Output the data unchanged and complete, minus the images.

● RECORDED INFORMATION:
__________
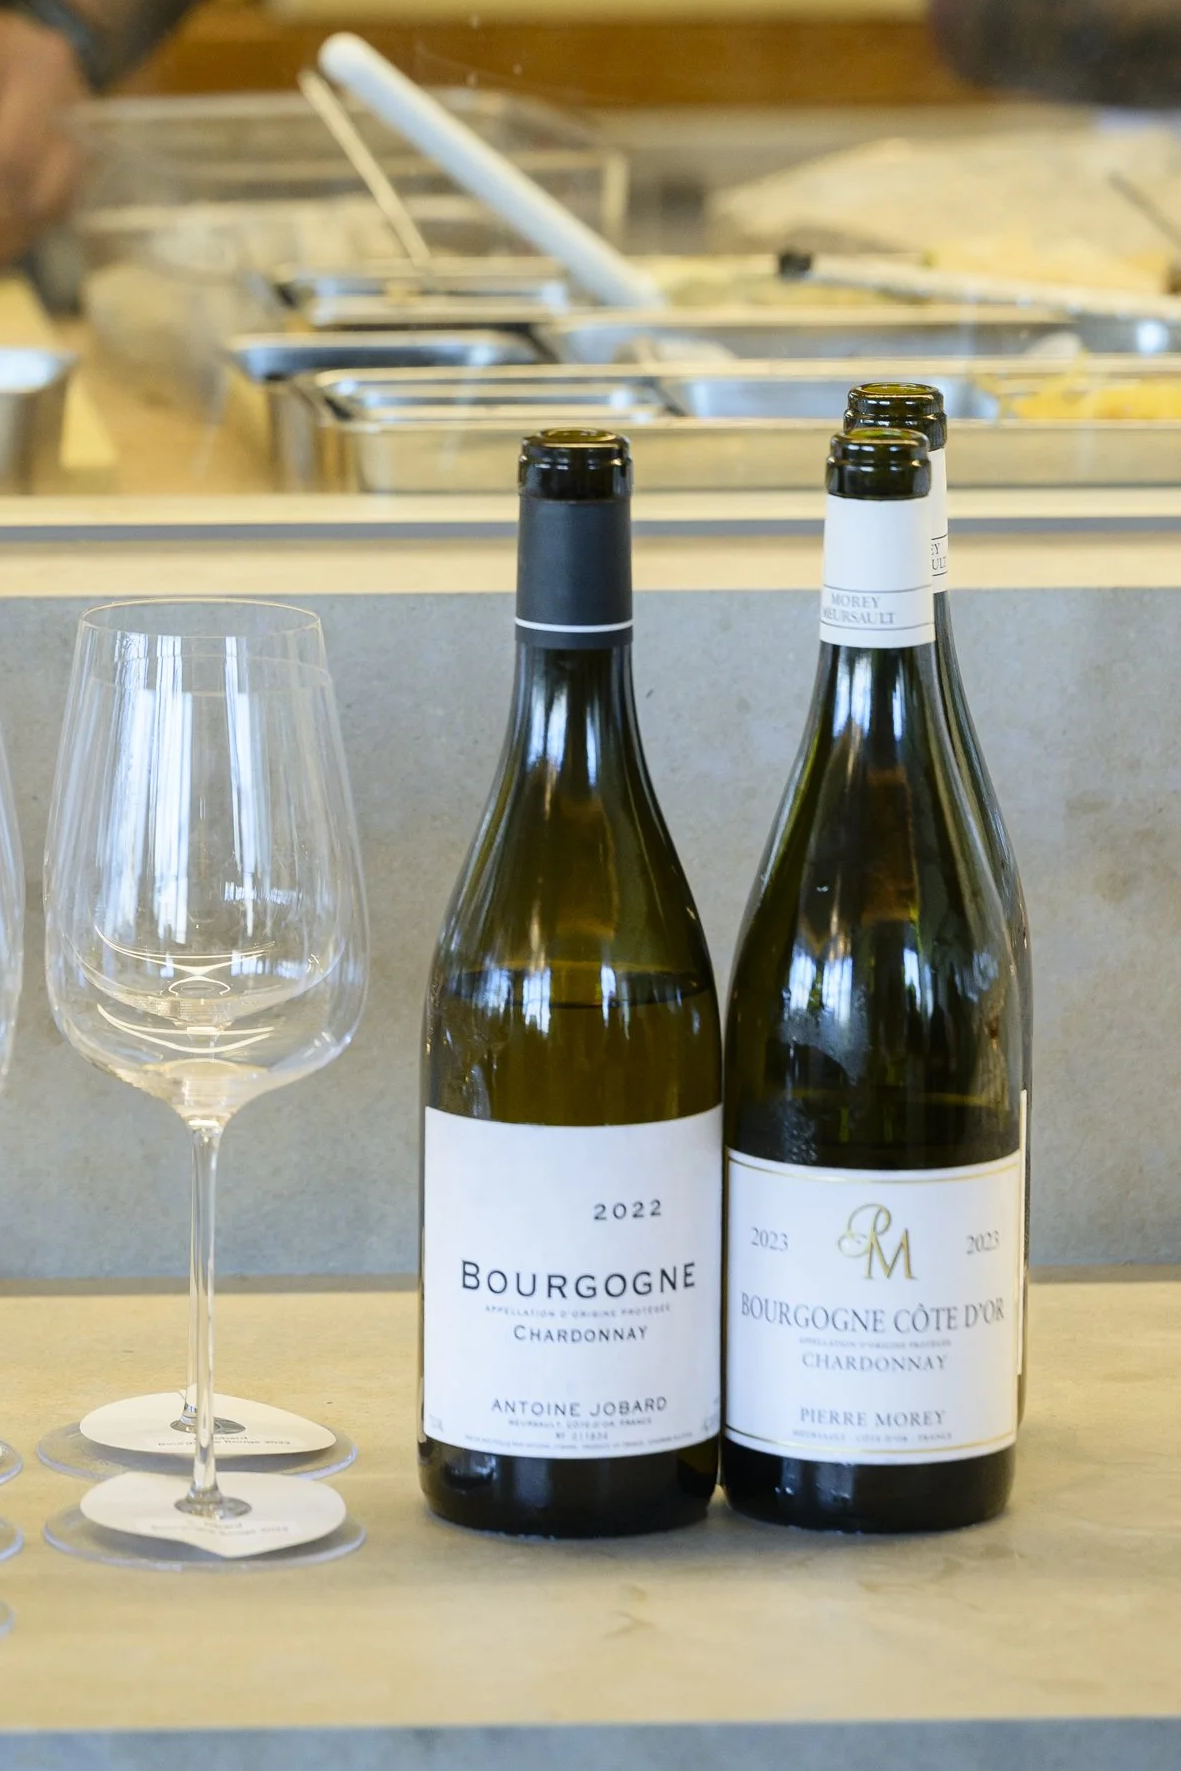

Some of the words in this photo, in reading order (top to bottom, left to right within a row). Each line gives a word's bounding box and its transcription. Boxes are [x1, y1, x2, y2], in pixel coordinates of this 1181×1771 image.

[831, 593, 880, 608] MOREY
[593, 1199, 662, 1220] 2022
[750, 1227, 789, 1252] 2023
[966, 1230, 1000, 1256] 2023
[461, 1259, 696, 1300] BOURGOGNE
[741, 1292, 886, 1333] BOURGOGNE
[894, 1303, 957, 1334] CÔTE
[964, 1298, 1005, 1328] D'OR
[513, 1324, 648, 1343] CHARDONNAY
[802, 1352, 947, 1372] CHARDONNAY
[491, 1398, 581, 1417] ANTOINE
[589, 1396, 668, 1417] JOBARD
[800, 1406, 867, 1427] PIERRE
[875, 1409, 946, 1428] MOREY
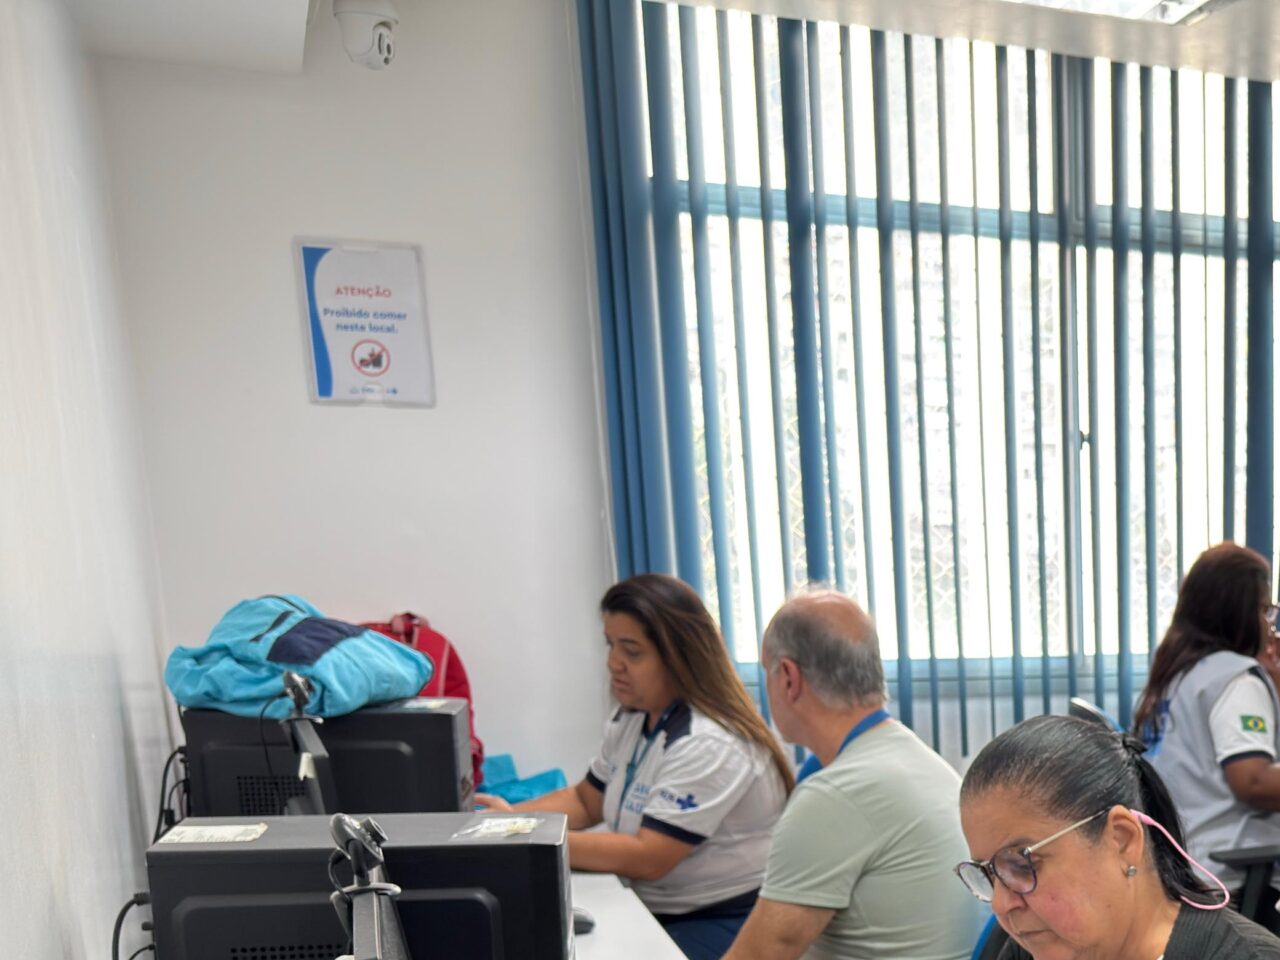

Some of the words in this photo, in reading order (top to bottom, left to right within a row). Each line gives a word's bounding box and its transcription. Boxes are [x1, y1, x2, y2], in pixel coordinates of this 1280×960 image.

[335, 285, 392, 298] ATENÇÃO
[323, 307, 370, 319] Proibido
[373, 312, 407, 321] comer
[336, 322, 366, 332] neste
[369, 323, 398, 333] local.
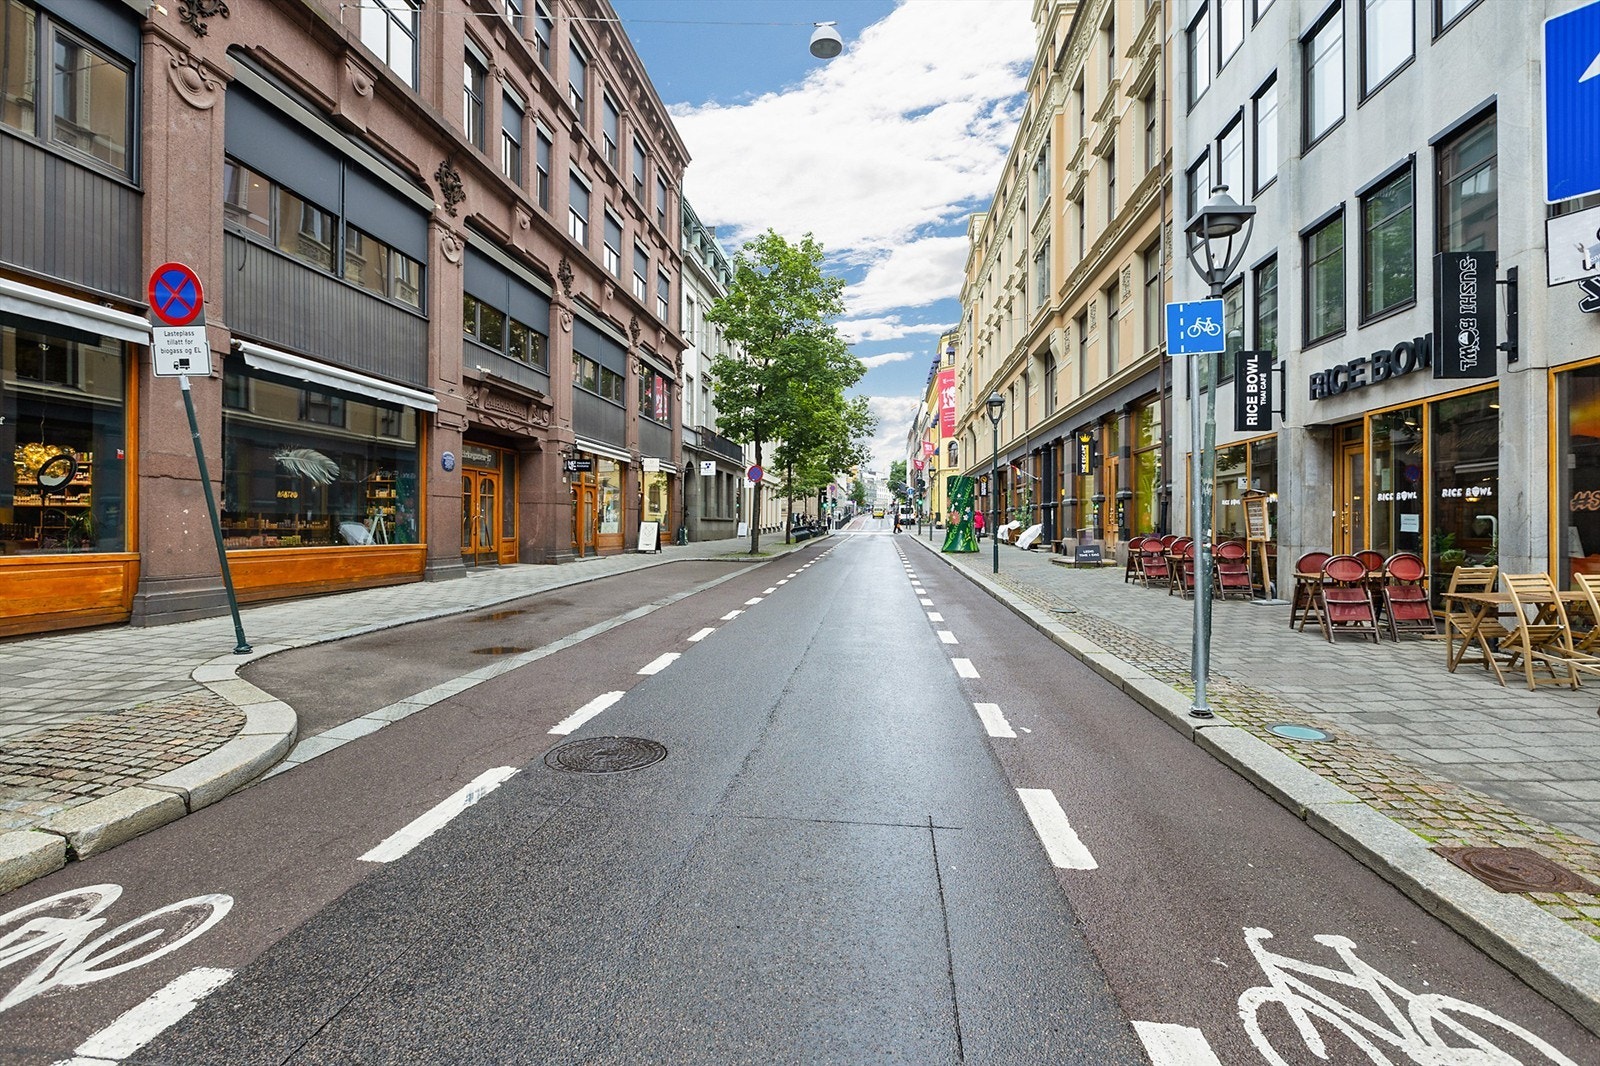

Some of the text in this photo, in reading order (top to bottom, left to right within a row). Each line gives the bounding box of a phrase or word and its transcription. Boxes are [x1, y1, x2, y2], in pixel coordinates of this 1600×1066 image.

[1458, 257, 1480, 371] SUSHI BOWL
[161, 347, 183, 355] biogass
[1309, 332, 1432, 401] RICE BOW
[1246, 354, 1258, 426] RICE BOWL
[1377, 490, 1418, 502] RICE BOWL
[1440, 486, 1493, 498] RICE BOWL
__________
● SOLUTION:
Some of the words in this photo, in reading order (top to bottom, left to right within a row). Each line gives a word's bounding box and its transcription. Boxes are [x1, y1, x2, y2], in pixel coordinates of this 1181×1771 image.

[831, 593, 880, 608] MOREY
[593, 1199, 662, 1220] 2022
[750, 1227, 789, 1252] 2023
[966, 1230, 1000, 1256] 2023
[461, 1259, 696, 1300] BOURGOGNE
[741, 1292, 886, 1333] BOURGOGNE
[894, 1303, 957, 1334] CÔTE
[964, 1298, 1005, 1328] D'OR
[513, 1324, 648, 1343] CHARDONNAY
[802, 1352, 947, 1372] CHARDONNAY
[491, 1398, 581, 1417] ANTOINE
[589, 1396, 668, 1417] JOBARD
[800, 1406, 867, 1427] PIERRE
[875, 1409, 946, 1428] MOREY

Some of the words in this photo, in reading order (top to bottom, left to right within a row). Each line gives a word's bounding box and its transcription. Boxes are [x1, y1, x2, y2], in pixel coordinates of this 1280×960 image.

[335, 285, 392, 298] ATENÇÃO
[323, 307, 370, 319] Proibido
[373, 312, 407, 321] comer
[336, 322, 366, 332] neste
[369, 323, 398, 333] local.

Some of the text in this photo, in reading order (top to bottom, left to right within a row). Each line gives the bounding box of a phrase or word and its transcription. Boxes are [x1, y1, x2, y2], in pixel coordinates of this 1600×1066 image.

[1458, 257, 1480, 371] SUSHI BOWL
[161, 347, 183, 355] biogass
[1309, 332, 1432, 401] RICE BOW
[1246, 354, 1258, 426] RICE BOWL
[1377, 490, 1418, 502] RICE BOWL
[1440, 486, 1493, 498] RICE BOWL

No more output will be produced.